Records drawn from a dataset:
★ ★ ★

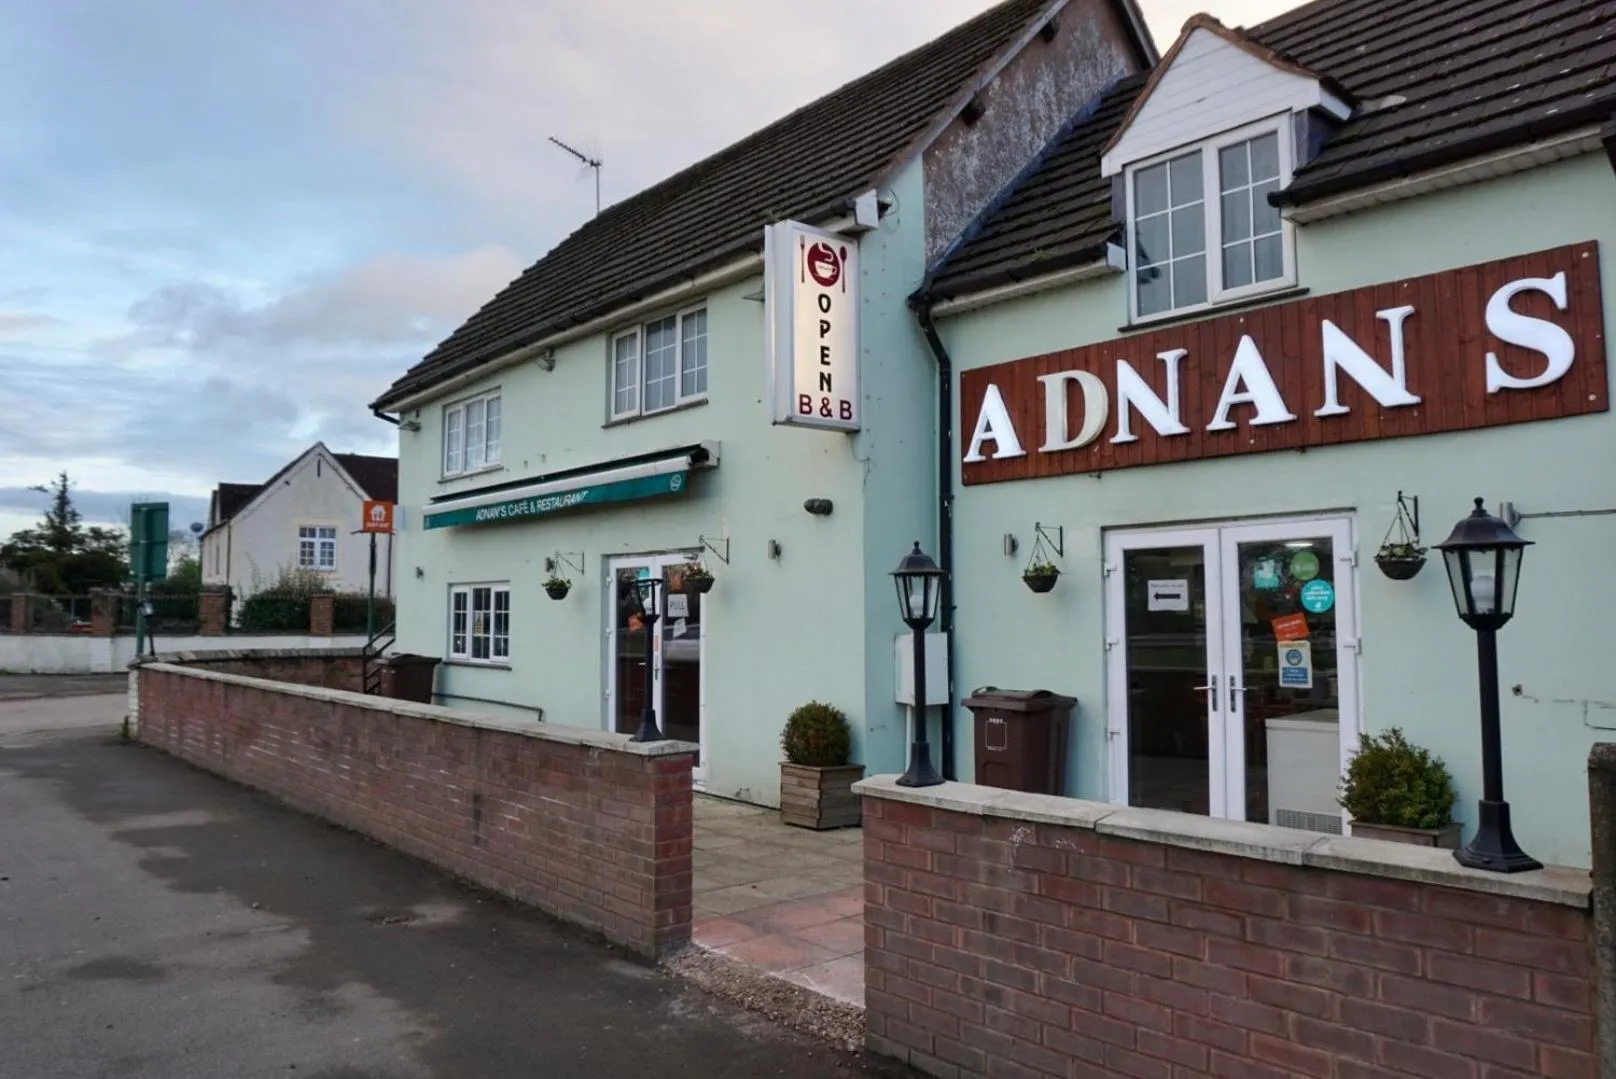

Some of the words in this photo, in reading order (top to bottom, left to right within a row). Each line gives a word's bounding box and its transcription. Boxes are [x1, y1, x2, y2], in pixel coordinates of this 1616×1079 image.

[818, 293, 832, 392] OPEN
[476, 505, 507, 520] ADNAN'S
[536, 490, 588, 512] RESTAURANT
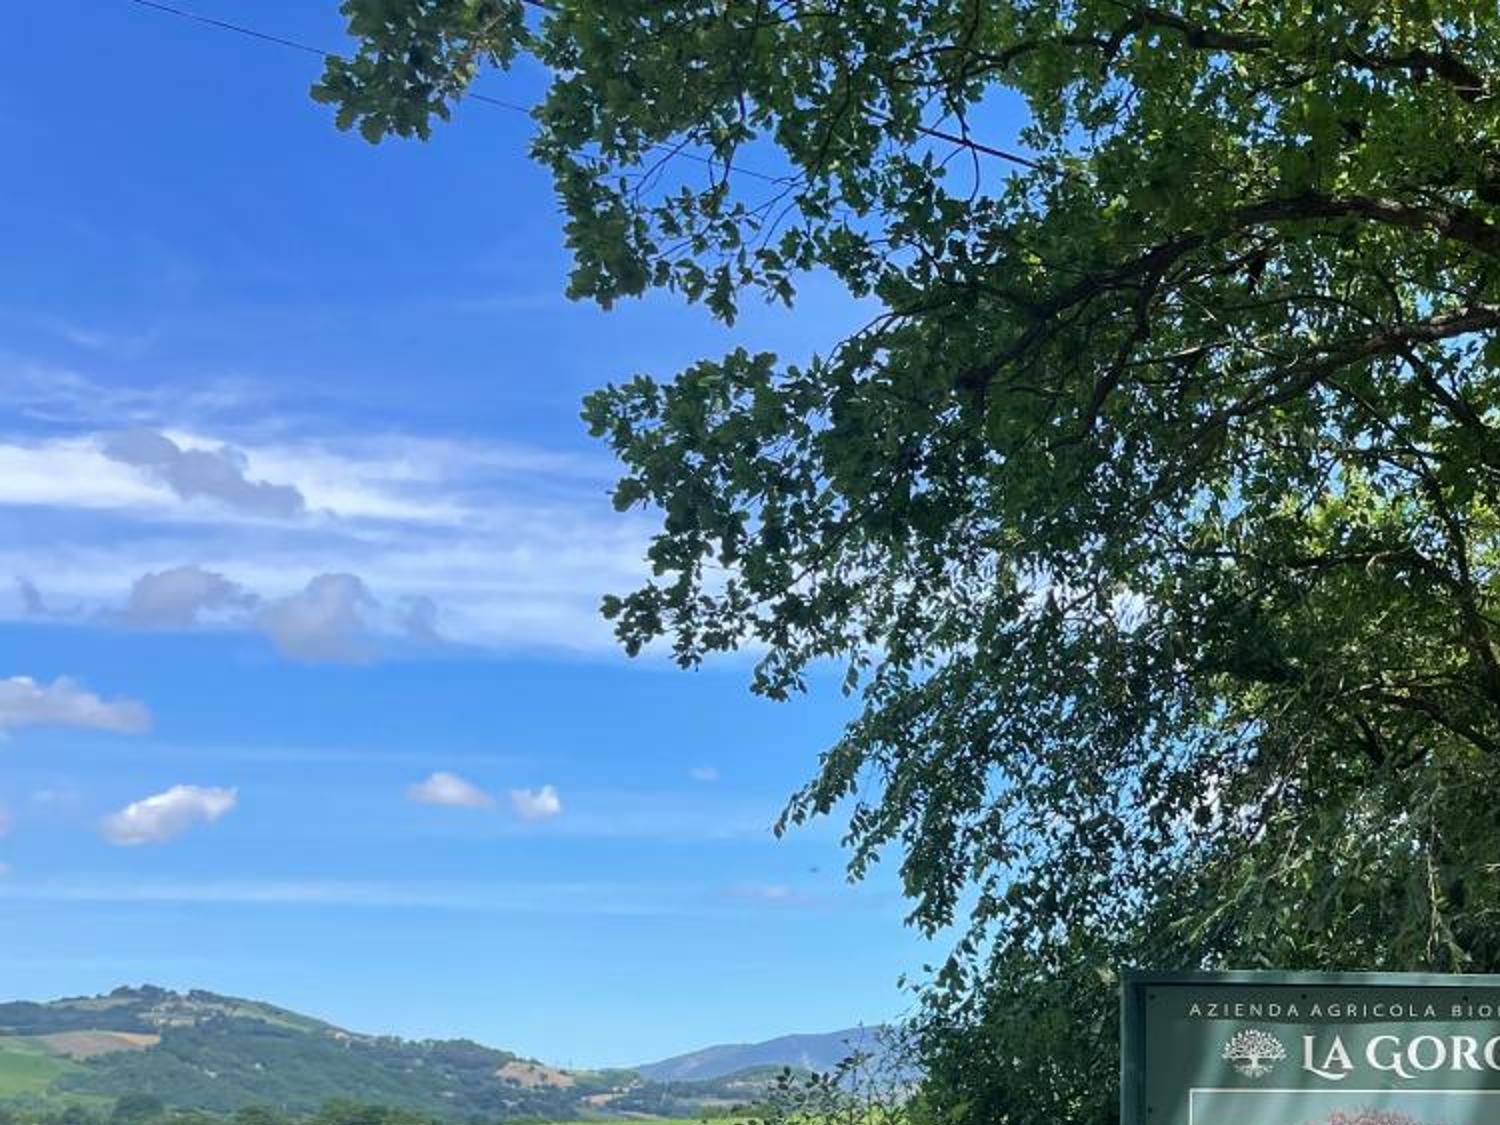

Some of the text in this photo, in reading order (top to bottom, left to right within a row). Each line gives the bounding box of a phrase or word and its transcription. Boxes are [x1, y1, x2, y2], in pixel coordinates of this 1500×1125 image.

★ ★ ★

EXERCISE: Take the entries above and restate them word for word, minus their images.

ANSWER FOR THE TASK:
Some of the words in this photo, in reading order (top to bottom, left to right within a row). Each line gives a word's bounding box and its transcription. Boxes are [x1, y1, x2, y2], in pixel coordinates of this 1616×1079 image.

[818, 293, 832, 392] OPEN
[476, 505, 507, 520] ADNAN'S
[536, 490, 588, 512] RESTAURANT

Some of the text in this photo, in reading order (top to bottom, left to right within a row). Each line gives the bounding box of a phrase or word and its transcription. Boxes are [x1, y1, x2, y2], in pixel coordinates of this 1500×1125 image.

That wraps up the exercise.